Below, some lines carry pictures; leave those pictures out and retype exactly the lines from the one with "this 1280×1200 image." through the one with "this 1250×1875 image.".
[Source data]
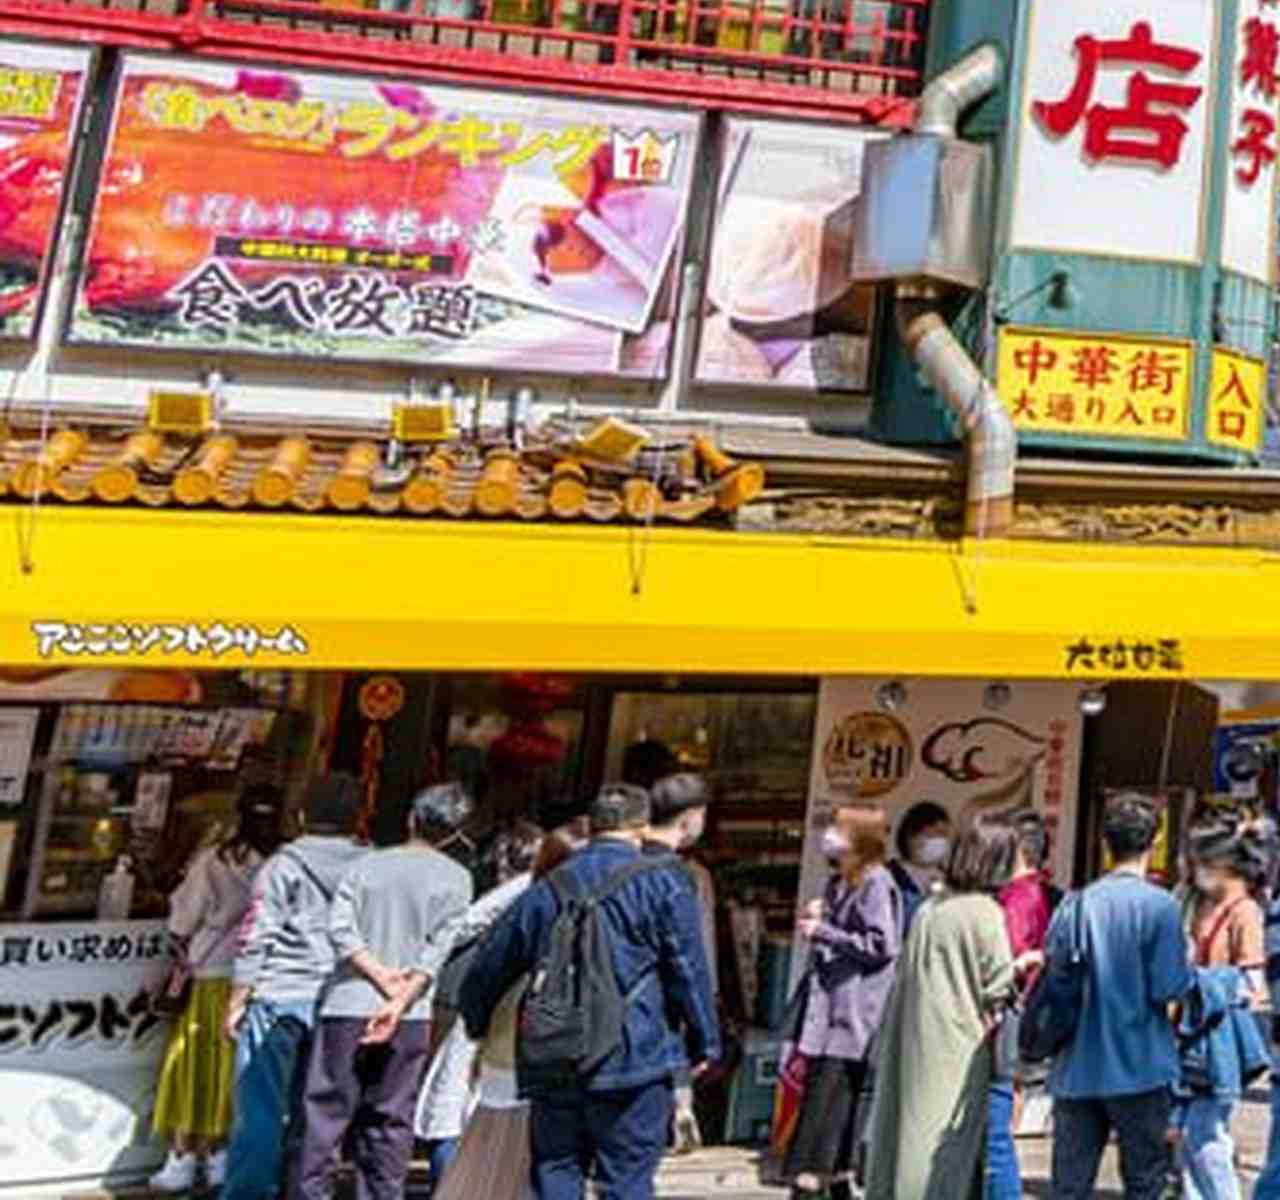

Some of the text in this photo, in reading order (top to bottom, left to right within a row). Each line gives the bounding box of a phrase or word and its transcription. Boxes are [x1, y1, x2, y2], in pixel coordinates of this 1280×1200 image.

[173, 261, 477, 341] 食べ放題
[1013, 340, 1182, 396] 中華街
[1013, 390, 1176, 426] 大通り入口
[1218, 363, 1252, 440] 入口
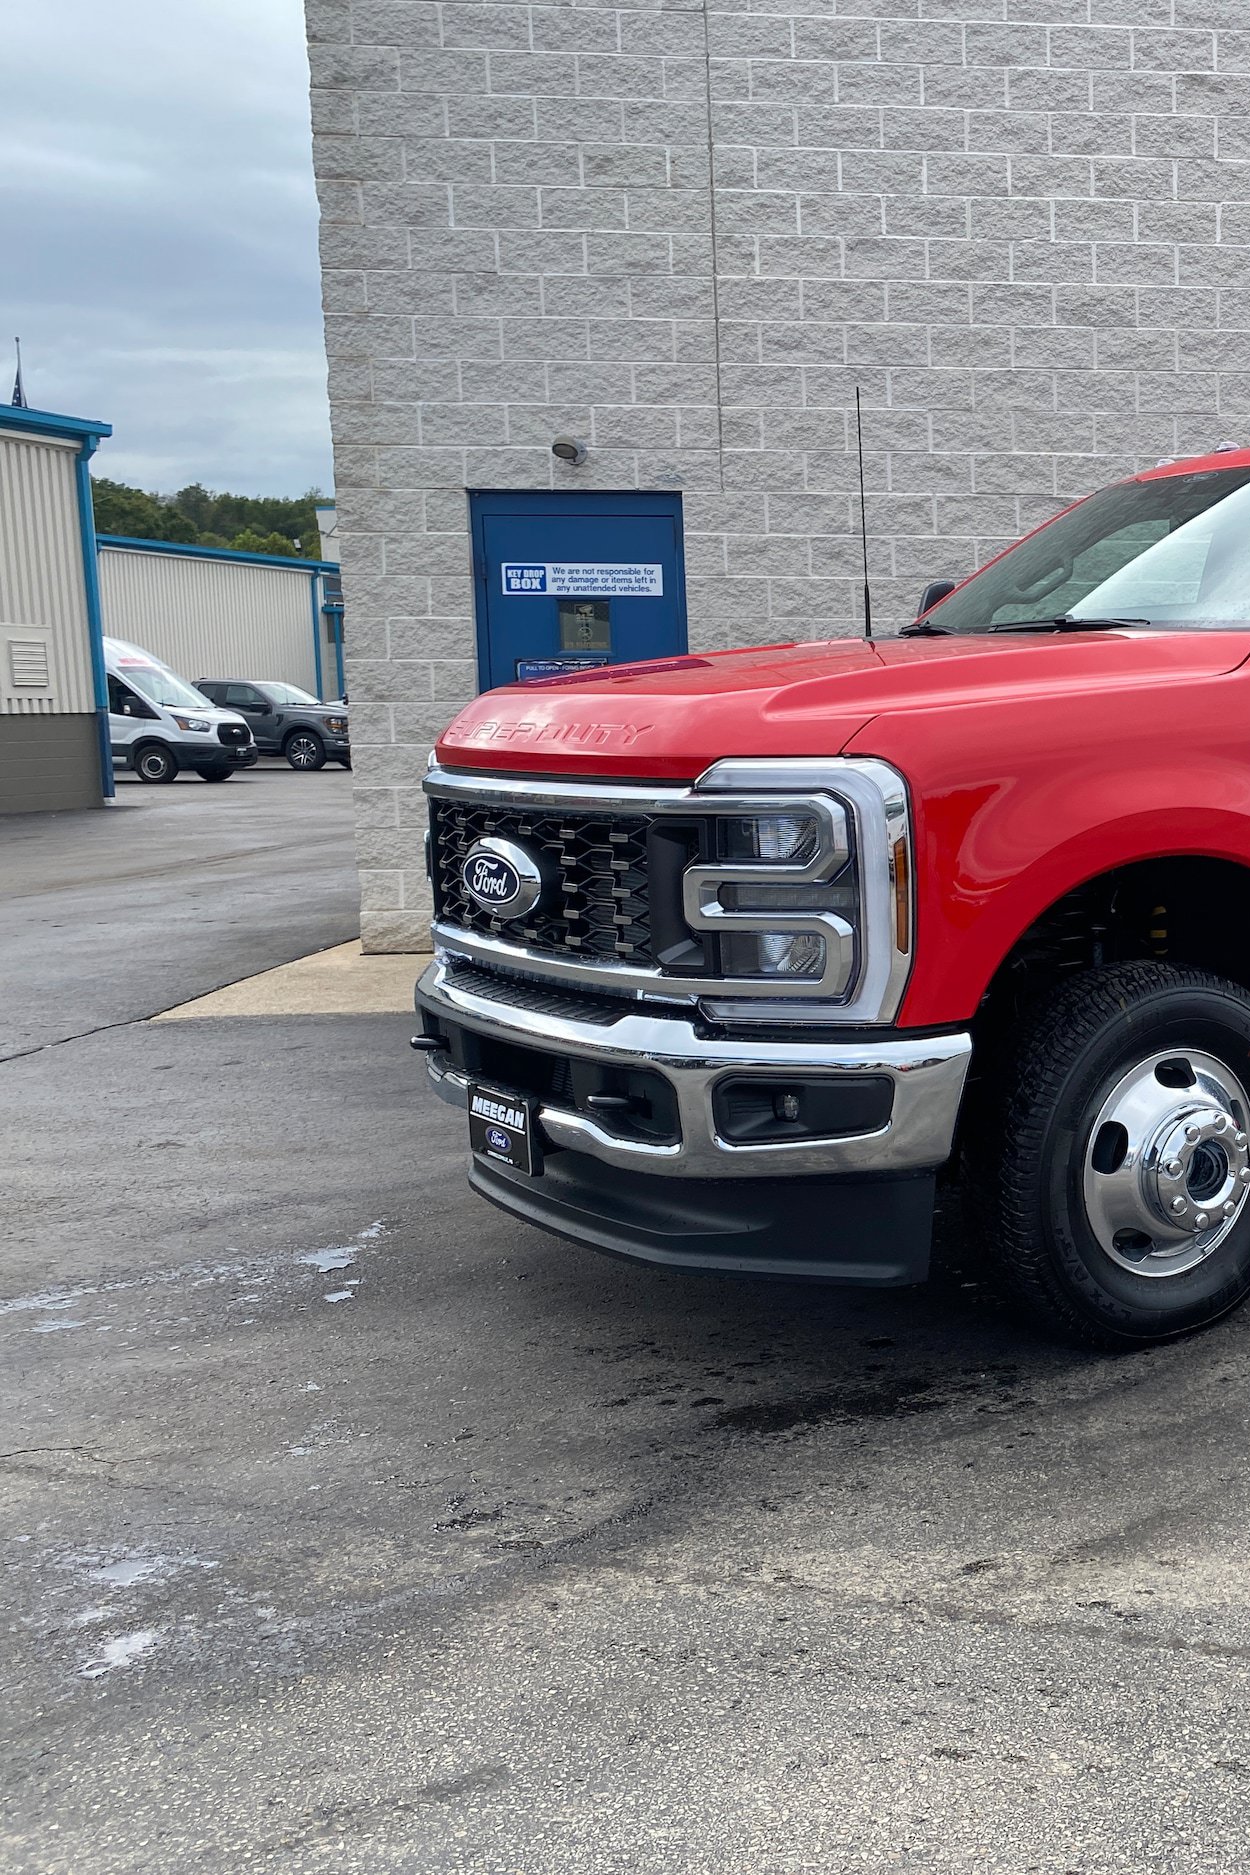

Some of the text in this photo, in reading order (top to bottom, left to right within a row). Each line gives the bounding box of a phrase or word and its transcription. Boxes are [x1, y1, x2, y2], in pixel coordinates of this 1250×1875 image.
[/Source data]
[Source data]
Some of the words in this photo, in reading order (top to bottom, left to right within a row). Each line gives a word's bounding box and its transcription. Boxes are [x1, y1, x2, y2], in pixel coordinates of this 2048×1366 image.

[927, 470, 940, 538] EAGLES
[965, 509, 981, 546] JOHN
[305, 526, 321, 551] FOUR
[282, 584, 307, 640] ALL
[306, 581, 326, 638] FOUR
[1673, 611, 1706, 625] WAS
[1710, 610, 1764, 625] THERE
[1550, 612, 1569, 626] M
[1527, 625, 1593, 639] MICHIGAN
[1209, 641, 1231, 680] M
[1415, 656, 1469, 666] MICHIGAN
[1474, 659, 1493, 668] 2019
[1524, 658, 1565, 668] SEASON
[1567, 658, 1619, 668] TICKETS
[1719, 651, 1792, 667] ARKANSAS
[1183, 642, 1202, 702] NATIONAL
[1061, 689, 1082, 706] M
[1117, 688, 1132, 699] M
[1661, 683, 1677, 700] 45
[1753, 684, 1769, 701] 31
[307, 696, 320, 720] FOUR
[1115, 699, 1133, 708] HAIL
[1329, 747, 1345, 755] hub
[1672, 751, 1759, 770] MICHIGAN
[/Source data]
_Result of the task_
Some of the text in this photo, in reading order (top to bottom, left to right within a row). Each line gives the bounding box of a phrase or word and its transcription. Boxes are [x1, y1, x2, y2], in pixel coordinates of this 1280×1200 image.

[173, 261, 477, 341] 食べ放題
[1013, 340, 1182, 396] 中華街
[1013, 390, 1176, 426] 大通り入口
[1218, 363, 1252, 440] 入口

Some of the text in this photo, in reading order (top to bottom, left to right within a row). Each line gives the bounding box of a phrase or word and its transcription. Boxes are [x1, y1, x2, y2], in pixel coordinates of this 1250×1875 image.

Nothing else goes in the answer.